I came across yet another story in the popular media about horrendous decision-making in Alabama: http://www.nytimes.com/2015/10/20/us/for-offenders-who-cant-pay-its-a-pint-of-blood-or-jail-time.html?emc=edit_th_20151020&nl=todaysheadlines&nlid=44005038&_r=0

A judge in Marion, Alabama, one of the areas I traveled to with David Jay to document the lives of breast cancer survivors lacking access to health insurance and oftentimes knowledge about their disease, is accused of exploiting the poor who enter his courtroom. Of which there are plenty. Marion is home to some of the poorest in the state, many of them African Americans.

As I read this story about people without the means to pay fines being told to donate blood and then bring a form back to the judge proving they’d donated for a credit towards their payment, I thought about the kinds of historical atrocities we discuss in a course I teach called Writing and Medicine. Among them is the Tuskegee Syphilis Experiment, which happened between the 30s and 70s (yes, it continued into the 70s) right down the road from Birmingham. Even though penicillin was being used to treat Syphilis by the late 30s, poor African American men were unknowingly refused treatment just to see what would happen to a body left to suffer from the disease. The results were horrific–excruciating pain, infertility, blindness.

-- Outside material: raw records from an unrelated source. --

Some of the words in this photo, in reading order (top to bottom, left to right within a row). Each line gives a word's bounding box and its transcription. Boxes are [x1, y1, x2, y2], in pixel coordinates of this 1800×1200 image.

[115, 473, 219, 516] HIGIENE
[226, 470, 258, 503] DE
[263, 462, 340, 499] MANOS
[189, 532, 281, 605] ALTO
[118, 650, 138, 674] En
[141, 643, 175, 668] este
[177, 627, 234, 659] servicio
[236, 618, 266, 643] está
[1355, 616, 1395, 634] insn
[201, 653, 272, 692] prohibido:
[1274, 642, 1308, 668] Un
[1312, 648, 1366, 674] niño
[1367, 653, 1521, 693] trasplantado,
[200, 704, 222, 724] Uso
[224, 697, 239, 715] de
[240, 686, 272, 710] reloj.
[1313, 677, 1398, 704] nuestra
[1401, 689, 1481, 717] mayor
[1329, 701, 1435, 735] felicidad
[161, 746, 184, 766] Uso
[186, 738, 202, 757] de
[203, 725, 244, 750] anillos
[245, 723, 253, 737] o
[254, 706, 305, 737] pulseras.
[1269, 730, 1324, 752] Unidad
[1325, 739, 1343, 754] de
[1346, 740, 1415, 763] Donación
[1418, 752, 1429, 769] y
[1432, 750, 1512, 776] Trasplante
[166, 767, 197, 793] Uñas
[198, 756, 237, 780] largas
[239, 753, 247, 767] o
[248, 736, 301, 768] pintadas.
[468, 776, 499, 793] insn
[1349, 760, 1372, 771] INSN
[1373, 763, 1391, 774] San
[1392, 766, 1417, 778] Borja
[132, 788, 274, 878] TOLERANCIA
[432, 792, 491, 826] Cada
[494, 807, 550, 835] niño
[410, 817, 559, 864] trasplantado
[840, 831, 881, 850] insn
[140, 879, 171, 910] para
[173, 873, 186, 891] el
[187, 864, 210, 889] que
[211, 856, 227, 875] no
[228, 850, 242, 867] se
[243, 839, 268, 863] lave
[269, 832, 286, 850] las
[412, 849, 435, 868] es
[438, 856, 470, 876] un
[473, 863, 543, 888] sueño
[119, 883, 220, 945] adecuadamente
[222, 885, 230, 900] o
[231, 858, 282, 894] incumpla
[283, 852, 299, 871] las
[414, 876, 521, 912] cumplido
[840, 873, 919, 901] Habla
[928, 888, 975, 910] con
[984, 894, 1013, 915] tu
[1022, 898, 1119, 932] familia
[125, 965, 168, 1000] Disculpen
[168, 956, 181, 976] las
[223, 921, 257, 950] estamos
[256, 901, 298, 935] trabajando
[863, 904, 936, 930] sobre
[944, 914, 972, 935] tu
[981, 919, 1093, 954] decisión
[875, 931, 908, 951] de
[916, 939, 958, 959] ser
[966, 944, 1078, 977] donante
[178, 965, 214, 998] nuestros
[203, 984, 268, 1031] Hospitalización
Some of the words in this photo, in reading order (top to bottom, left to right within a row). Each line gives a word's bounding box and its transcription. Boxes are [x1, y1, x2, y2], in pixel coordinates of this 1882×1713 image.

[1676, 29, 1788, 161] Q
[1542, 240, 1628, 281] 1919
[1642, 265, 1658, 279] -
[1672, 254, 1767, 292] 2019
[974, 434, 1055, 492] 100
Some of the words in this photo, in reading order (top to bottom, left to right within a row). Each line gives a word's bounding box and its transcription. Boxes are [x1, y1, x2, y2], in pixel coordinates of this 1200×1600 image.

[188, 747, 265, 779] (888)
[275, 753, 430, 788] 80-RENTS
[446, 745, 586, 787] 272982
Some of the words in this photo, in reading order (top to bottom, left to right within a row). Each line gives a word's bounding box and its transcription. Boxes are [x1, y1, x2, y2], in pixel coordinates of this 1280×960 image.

While donating blood is certainly a good thing to do, there’s something wrong with making someone with limited means submit to a physical procedure to pay off a debt. Granted, giving blood isn’t as life changing as donating a kidney. Still, offering poor people who are already intimidated by the justice system the “option” of using their bodies as replacement commodities is wrong.

Come on, Alabama.